▸ WORK TO BE COMPLETED
Give back every record below word for word, with the pictures omitted.

▸ LISTED RECORDS
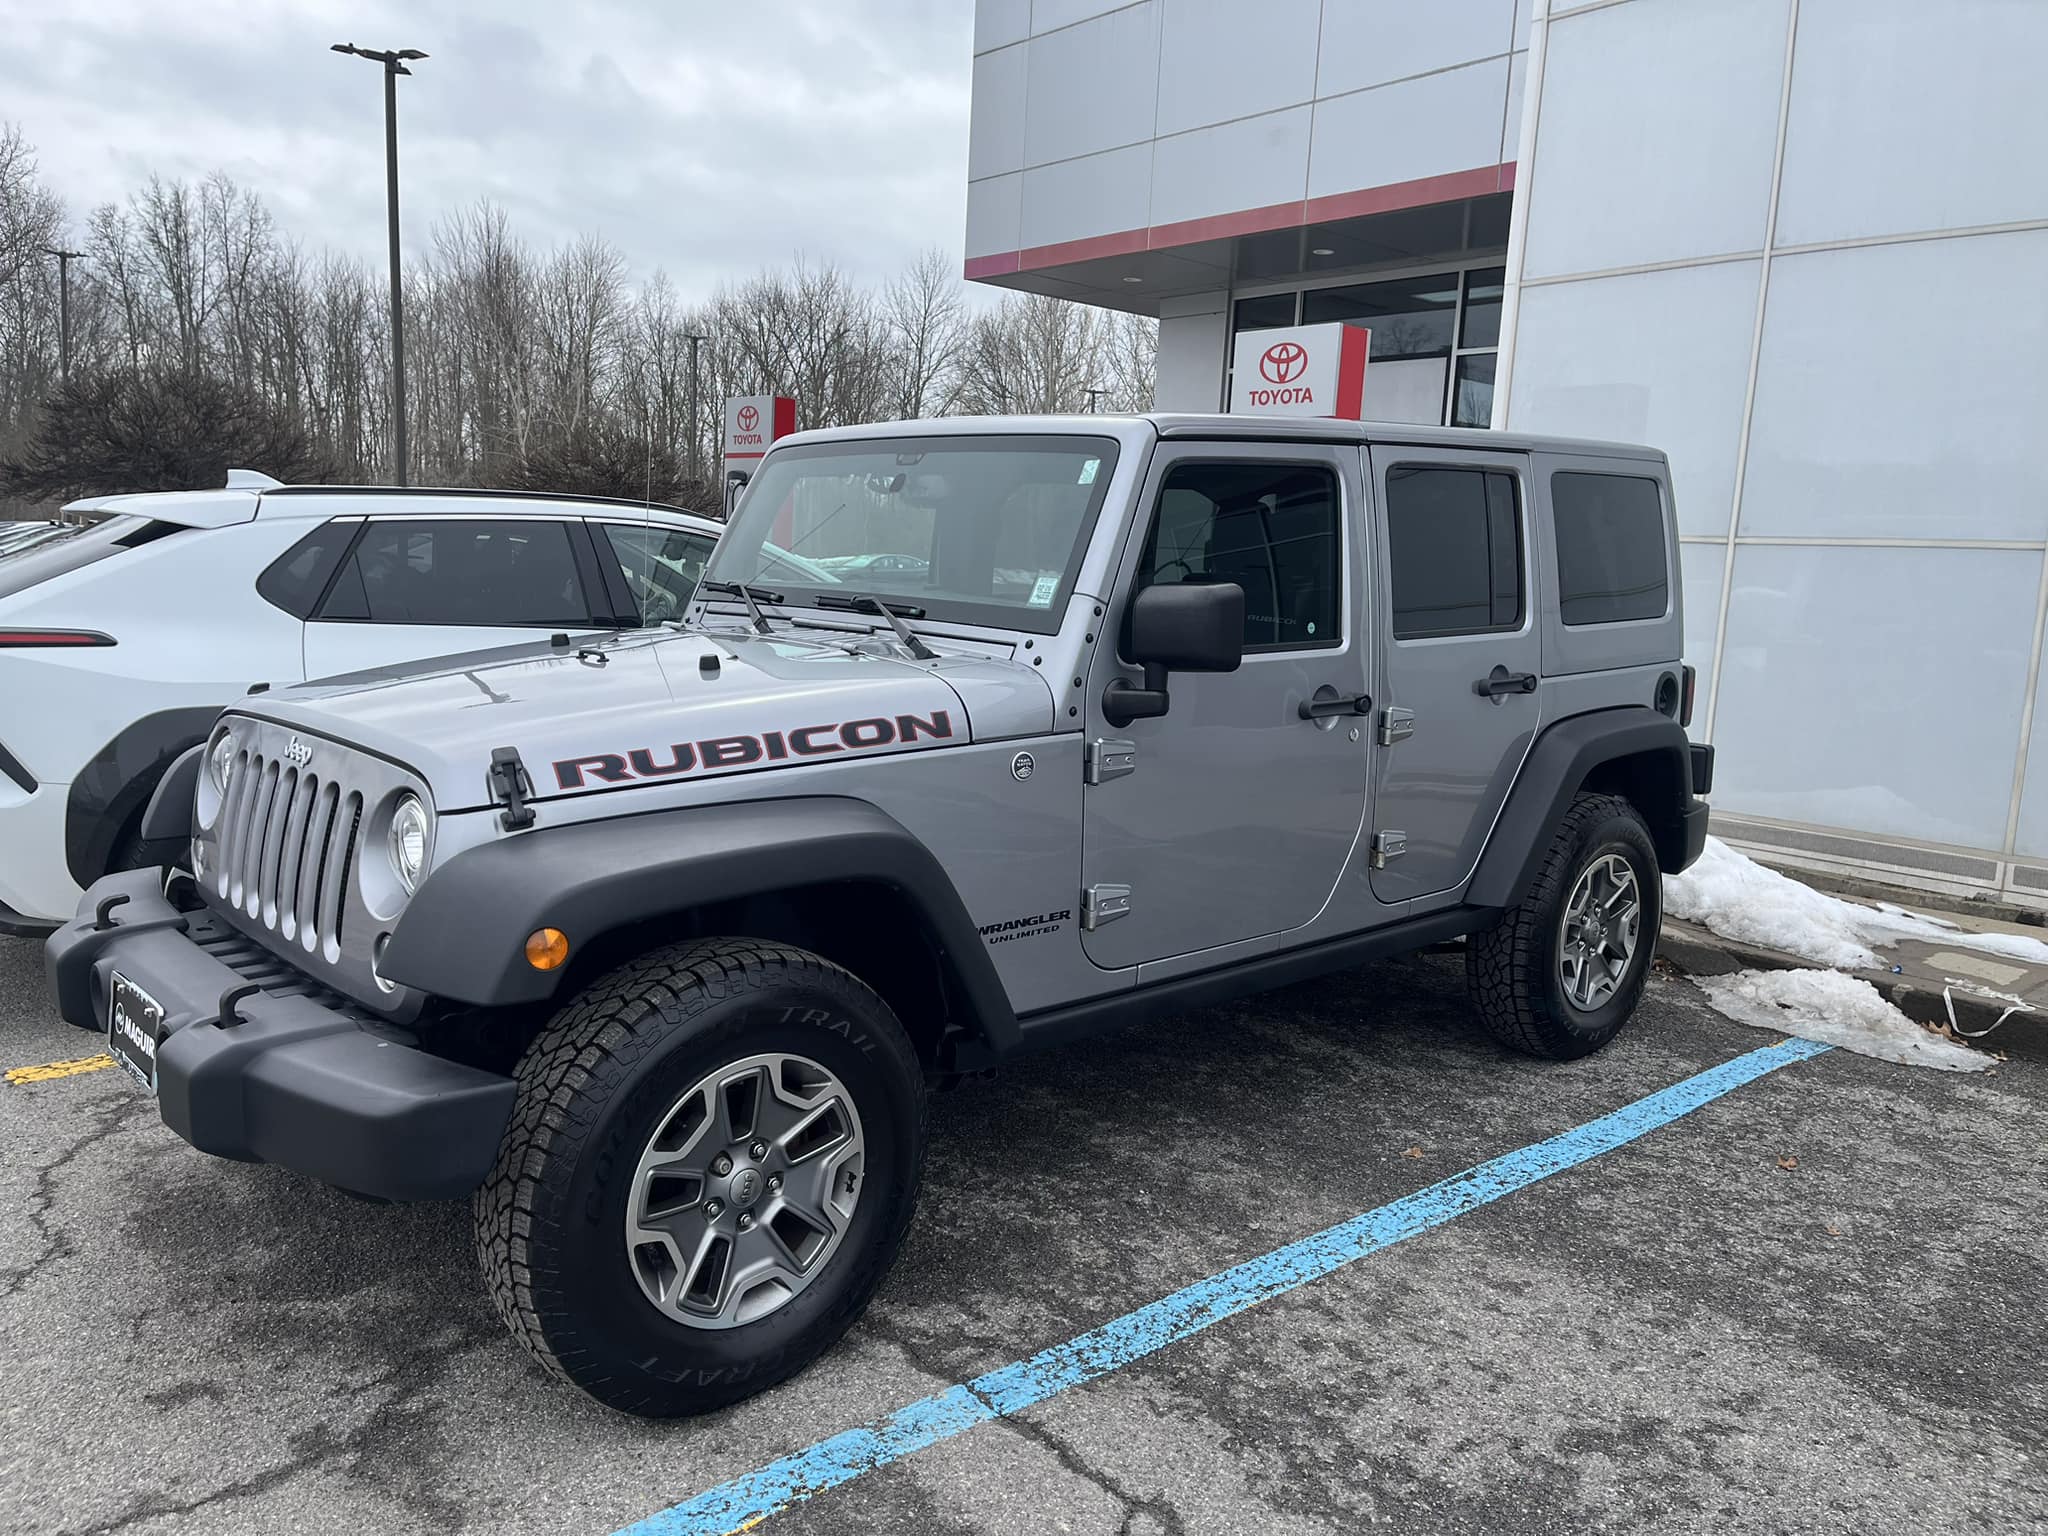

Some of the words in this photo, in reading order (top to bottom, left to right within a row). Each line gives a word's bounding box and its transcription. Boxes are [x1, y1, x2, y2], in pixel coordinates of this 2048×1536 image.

[1248, 387, 1313, 407] TOYOTA
[733, 434, 762, 445] TOYOTA
[284, 735, 312, 768] Jeep
[552, 710, 954, 790] RUBICON
[977, 909, 1072, 936] WRANGLER
[989, 924, 1060, 945] UNLIMITED
[124, 1016, 156, 1059] MAGUIR
[779, 1005, 878, 1062] TRAIL
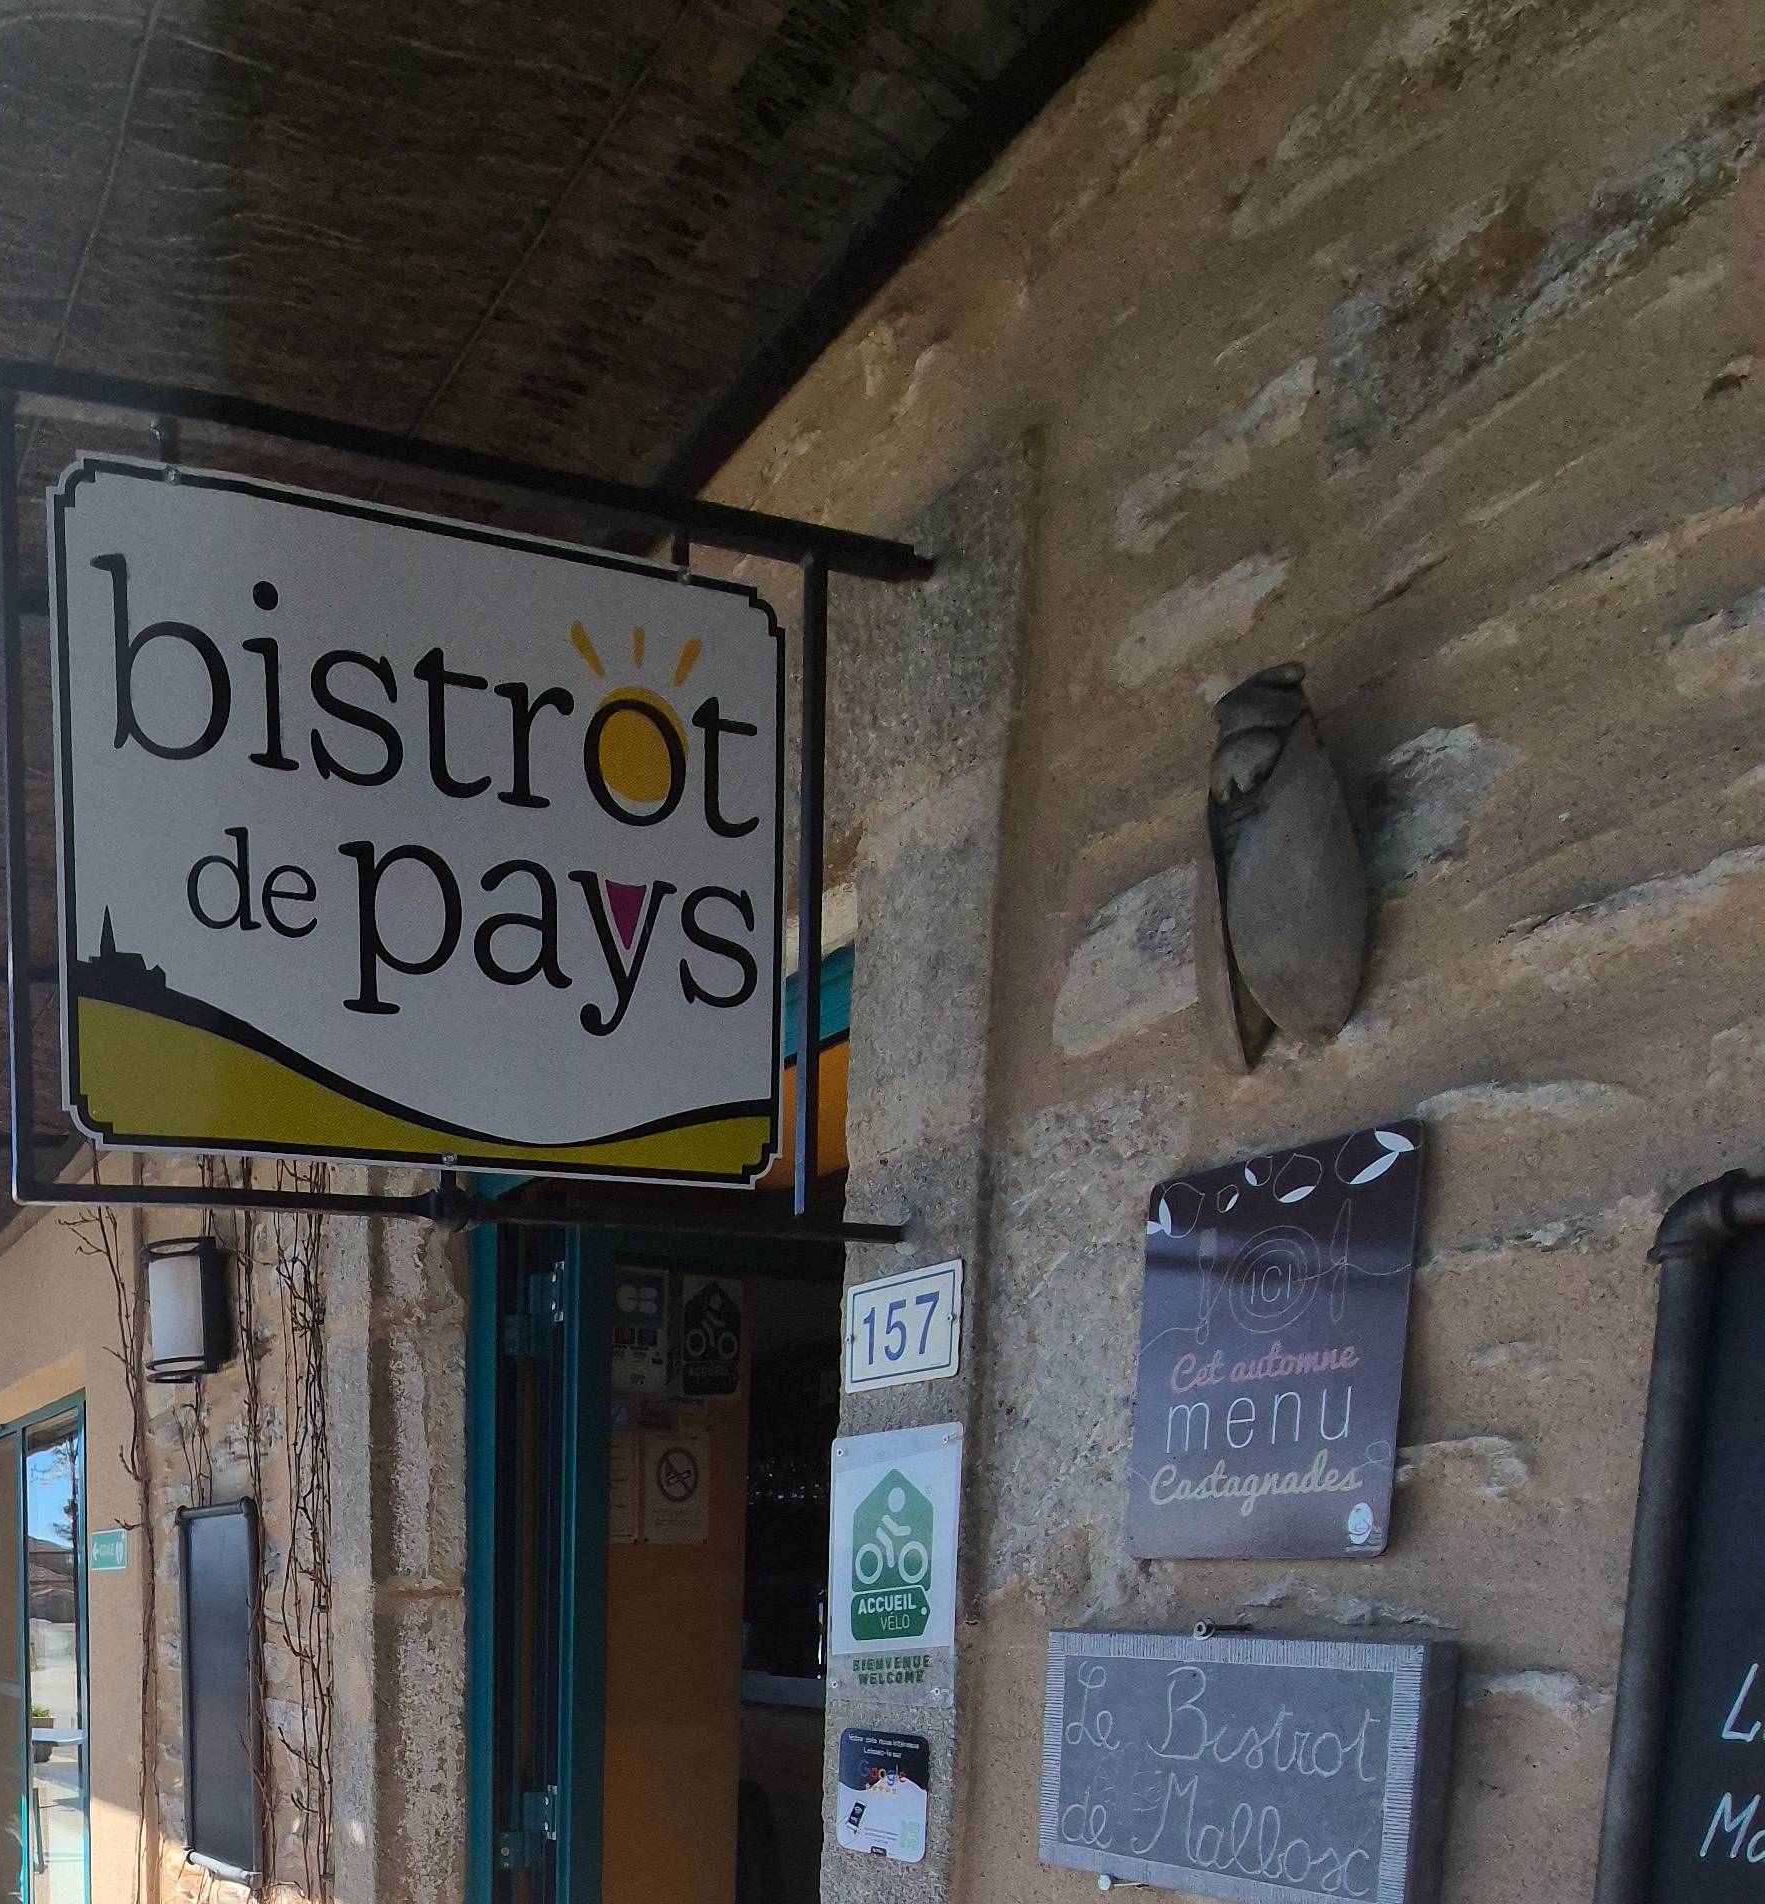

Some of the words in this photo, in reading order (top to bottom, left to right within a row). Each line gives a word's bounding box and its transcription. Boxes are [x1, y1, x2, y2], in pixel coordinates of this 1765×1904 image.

[90, 553, 760, 838] bistrot
[186, 827, 318, 939] de
[338, 840, 758, 1037] pays
[1250, 1263, 1293, 1305] ICI
[863, 1290, 940, 1366] 157
[1170, 1349, 1225, 1394] Cet
[1229, 1339, 1360, 1383] automne
[1166, 1385, 1353, 1454] menu
[1149, 1448, 1364, 1517] Castagnades
[857, 1593, 917, 1616] ACCUEIL
[880, 1611, 911, 1632] VÉLO
[852, 1654, 932, 1672] BIENVENUE
[858, 1669, 925, 1686] WELCOME
[1064, 1660, 1121, 1751] Le
[1147, 1665, 1381, 1783] Bistrot
[858, 1760, 907, 1787] Google
[1061, 1784, 1113, 1850] de

▸ TASK SOLUTION
Some of the words in this photo, in reading order (top to bottom, left to right within a row). Each line gives a word's bounding box and its transcription. Boxes are [x1, y1, x2, y2], in pixel coordinates of this 2048×1536 image.

[1248, 387, 1313, 407] TOYOTA
[733, 434, 762, 445] TOYOTA
[284, 735, 312, 768] Jeep
[552, 710, 954, 790] RUBICON
[977, 909, 1072, 936] WRANGLER
[989, 924, 1060, 945] UNLIMITED
[124, 1016, 156, 1059] MAGUIR
[779, 1005, 878, 1062] TRAIL

Some of the words in this photo, in reading order (top to bottom, left to right within a row). Each line gives a word's bounding box and its transcription. Boxes are [x1, y1, x2, y2], in pixel coordinates of this 1765×1904 image.

[90, 553, 760, 838] bistrot
[186, 827, 318, 939] de
[338, 840, 758, 1037] pays
[1250, 1263, 1293, 1305] ICI
[863, 1290, 940, 1366] 157
[1170, 1349, 1225, 1394] Cet
[1229, 1339, 1360, 1383] automne
[1166, 1385, 1353, 1454] menu
[1149, 1448, 1364, 1517] Castagnades
[857, 1593, 917, 1616] ACCUEIL
[880, 1611, 911, 1632] VÉLO
[852, 1654, 932, 1672] BIENVENUE
[858, 1669, 925, 1686] WELCOME
[1064, 1660, 1121, 1751] Le
[1147, 1665, 1381, 1783] Bistrot
[858, 1760, 907, 1787] Google
[1061, 1784, 1113, 1850] de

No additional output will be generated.